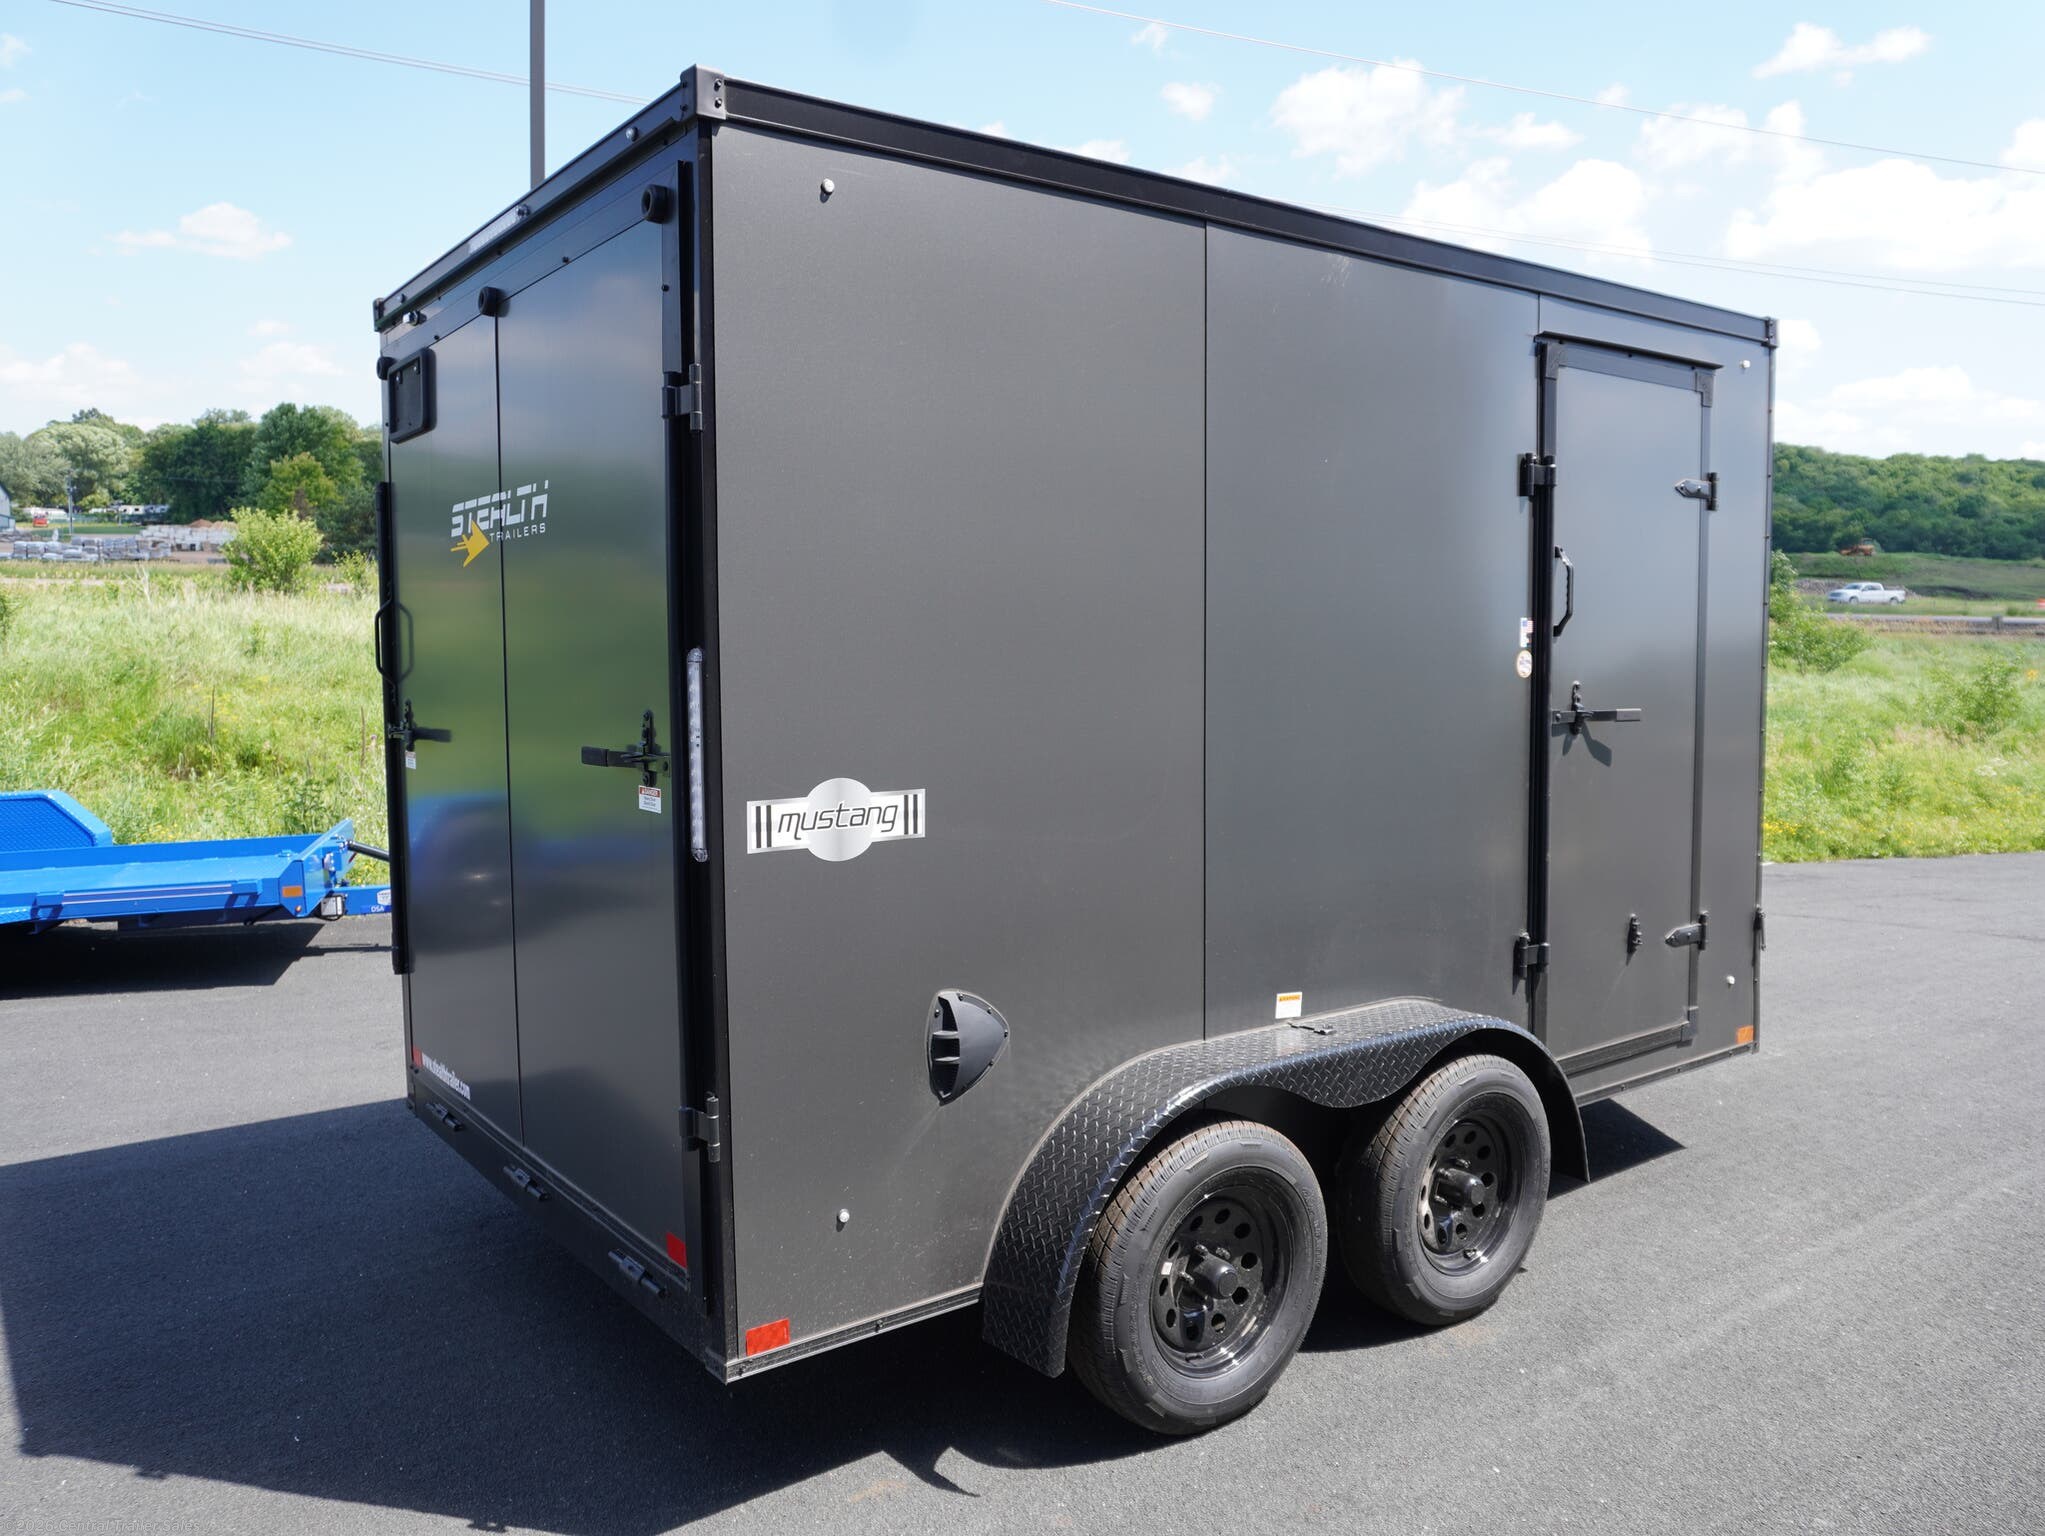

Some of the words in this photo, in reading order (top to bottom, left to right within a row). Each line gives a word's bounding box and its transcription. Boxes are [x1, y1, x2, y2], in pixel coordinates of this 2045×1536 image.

[450, 480, 549, 538] STEALTH
[489, 522, 546, 542] TRAILERS
[777, 802, 899, 841] mustang
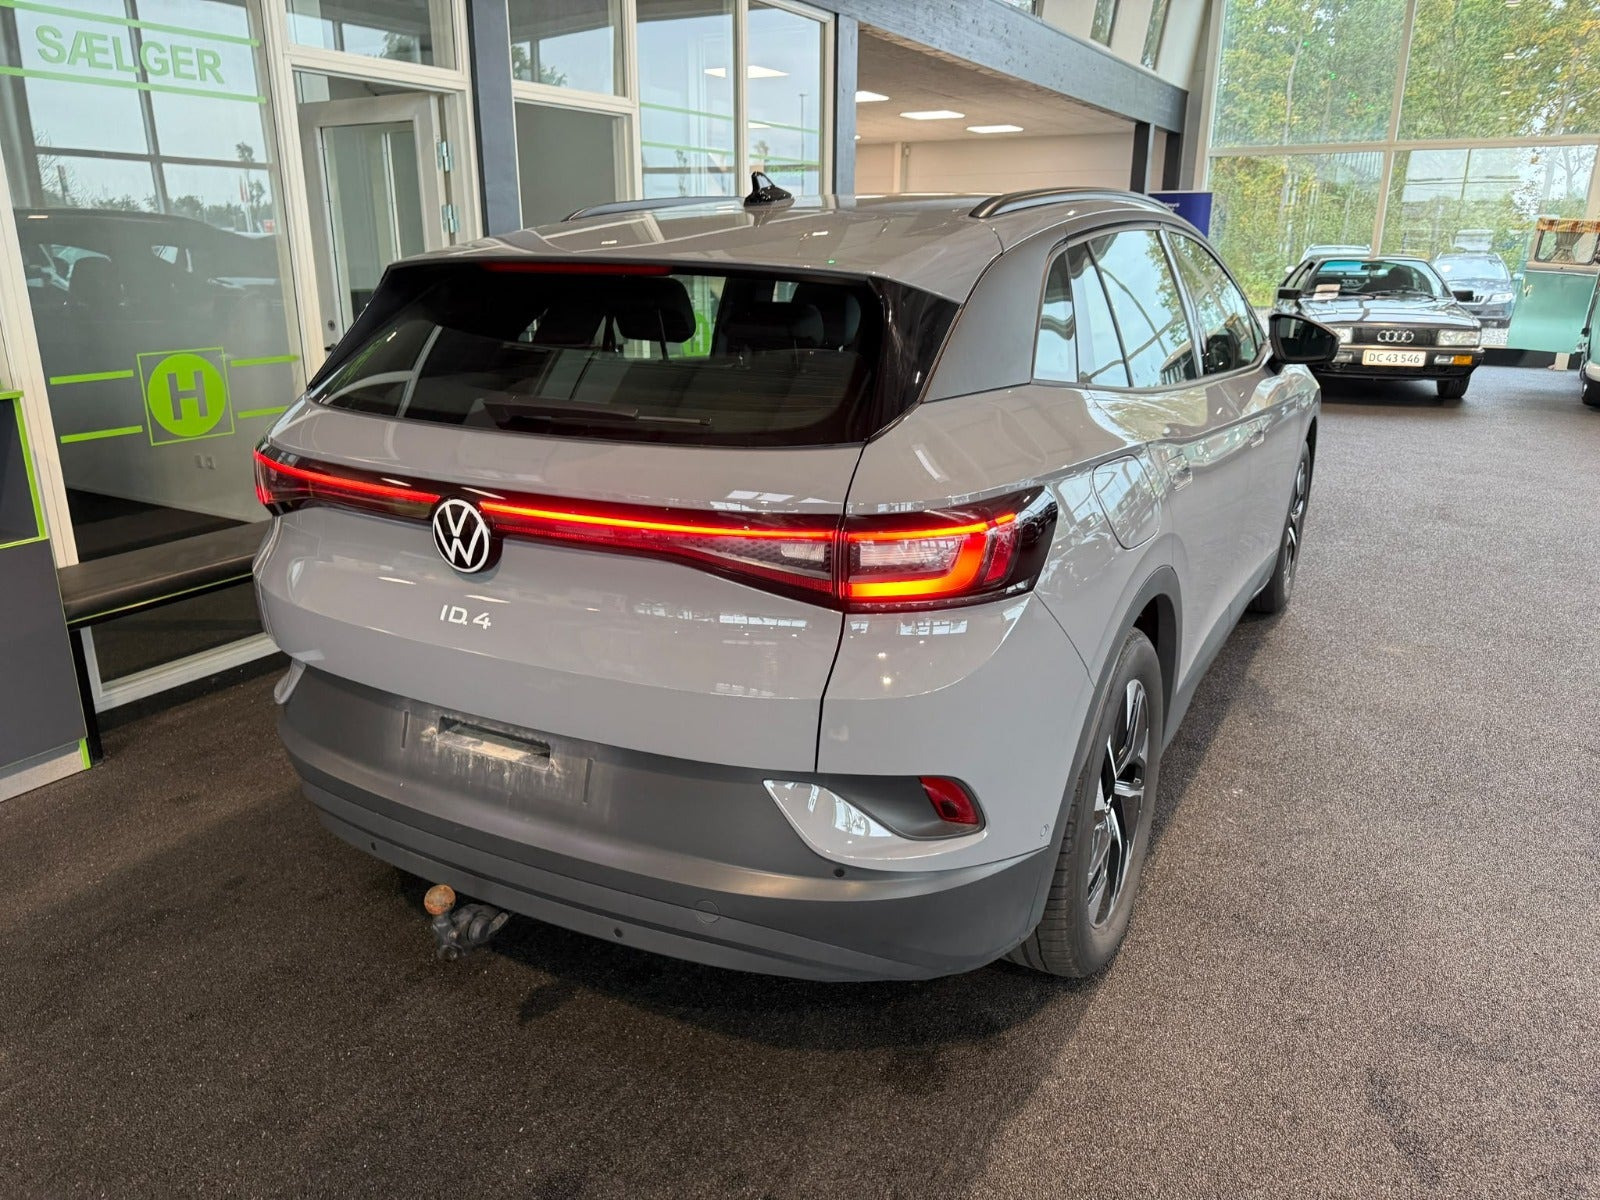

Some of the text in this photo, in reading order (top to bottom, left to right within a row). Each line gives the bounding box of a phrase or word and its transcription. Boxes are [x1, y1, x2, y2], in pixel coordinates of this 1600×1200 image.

[35, 25, 225, 84] SÆLGER
[1368, 352, 1421, 364] DC 43 546
[166, 369, 209, 421] H
[432, 499, 490, 573] VW
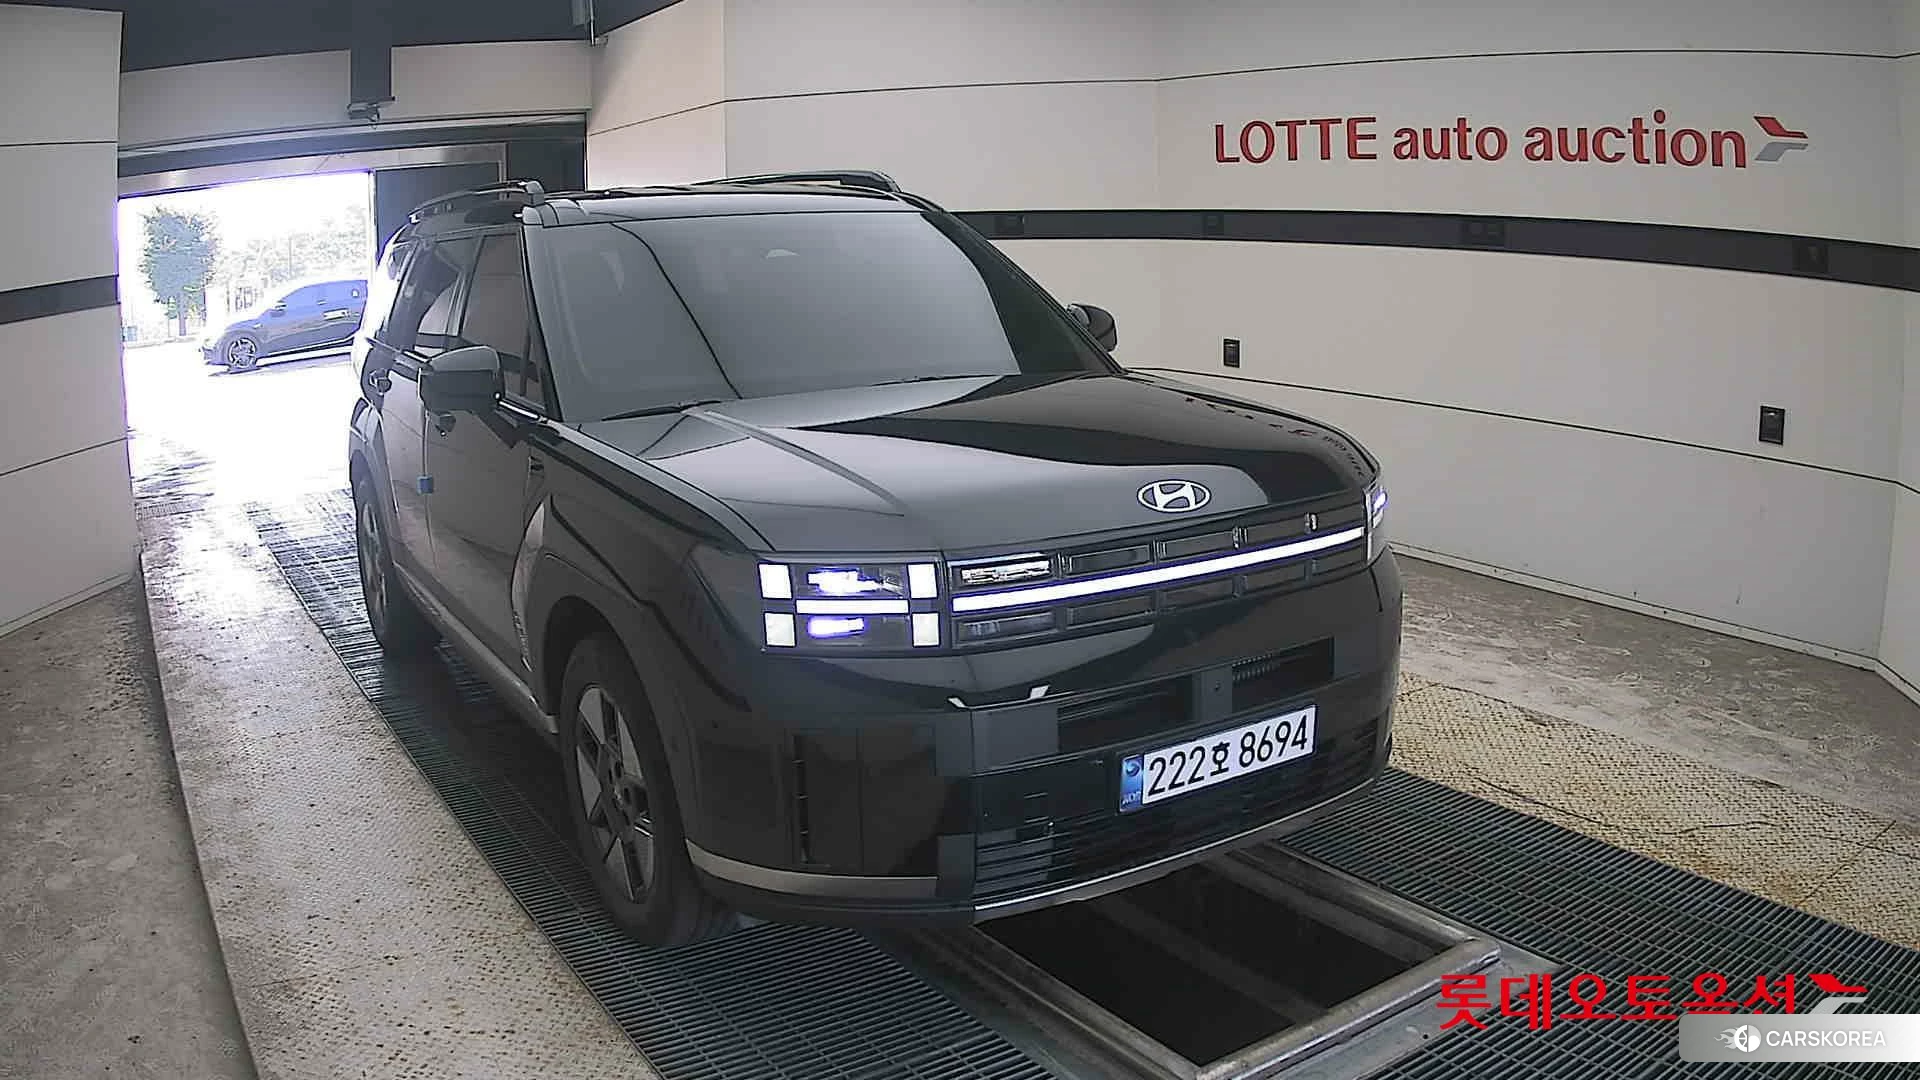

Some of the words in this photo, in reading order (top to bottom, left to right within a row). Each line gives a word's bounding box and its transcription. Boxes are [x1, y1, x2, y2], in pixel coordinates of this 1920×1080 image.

[1215, 116, 1377, 163] LOTTE
[1393, 117, 1508, 161] auto
[1524, 109, 1747, 169] auction
[1238, 714, 1308, 768] 8694
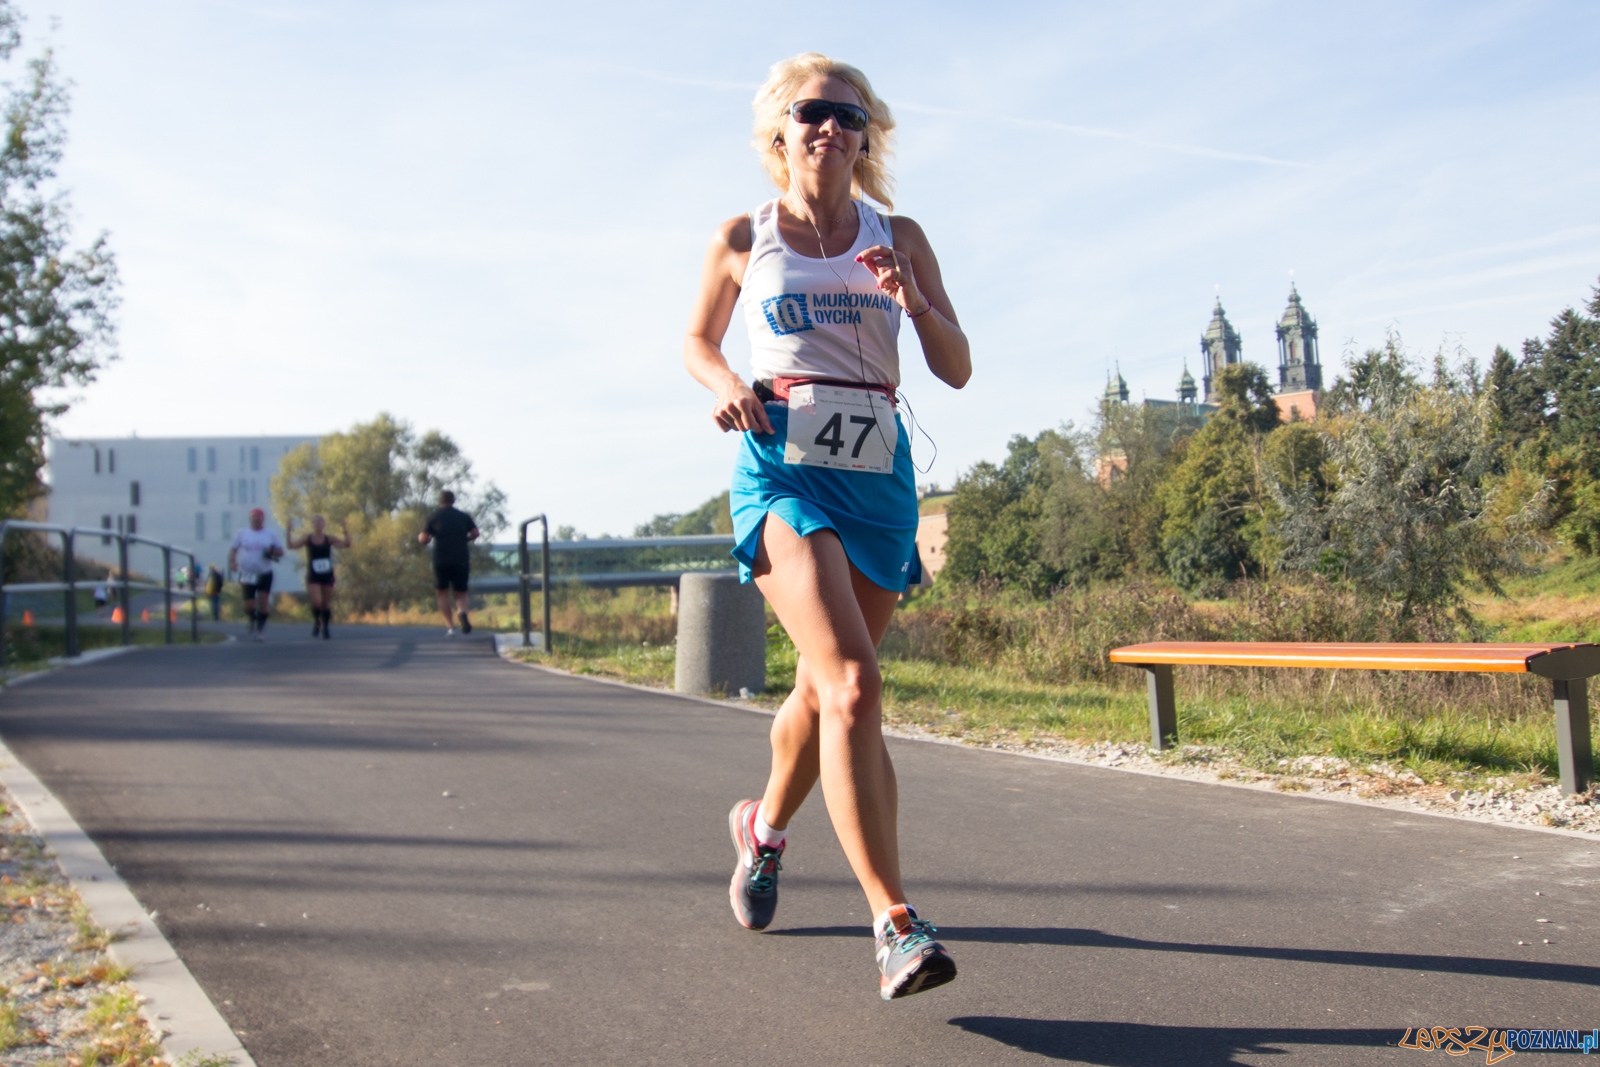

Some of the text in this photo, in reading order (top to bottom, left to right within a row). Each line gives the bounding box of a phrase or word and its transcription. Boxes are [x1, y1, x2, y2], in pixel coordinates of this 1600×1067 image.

[763, 296, 806, 335] 10
[812, 293, 892, 312] MUROWANA
[815, 310, 861, 325] DYCHA
[814, 412, 877, 458] 47
----
Problem statement: Restate the material above word for word, so that nothing changes except that the pictures are gone.

Answer:
Some of the words in this photo, in reading order (top to bottom, left to right within a row). Each line gives a word's bounding box and its transcription. Boxes are [x1, y1, x2, y2], in pixel coordinates of this 2045×1536 image.

[450, 480, 549, 538] STEALTH
[489, 522, 546, 542] TRAILERS
[777, 802, 899, 841] mustang

Some of the text in this photo, in reading order (top to bottom, left to right within a row). Each line gives the bounding box of a phrase or word and its transcription. Boxes are [x1, y1, x2, y2], in pixel coordinates of this 1600×1200 image.

[35, 25, 225, 84] SÆLGER
[1368, 352, 1421, 364] DC 43 546
[166, 369, 209, 421] H
[432, 499, 490, 573] VW

Some of the words in this photo, in reading order (top to bottom, left to right within a row). Each line gives a word's bounding box and its transcription. Boxes are [x1, y1, x2, y2], in pixel coordinates of this 1920×1080 image.

[1215, 116, 1377, 163] LOTTE
[1393, 117, 1508, 161] auto
[1524, 109, 1747, 169] auction
[1238, 714, 1308, 768] 8694

Some of the text in this photo, in reading order (top to bottom, left to right within a row). Each line gives the bounding box of a phrase or word and its transcription. Boxes are [x1, y1, x2, y2], in pixel coordinates of this 1600×1067 image.

[763, 296, 806, 335] 10
[812, 293, 892, 312] MUROWANA
[815, 310, 861, 325] DYCHA
[814, 412, 877, 458] 47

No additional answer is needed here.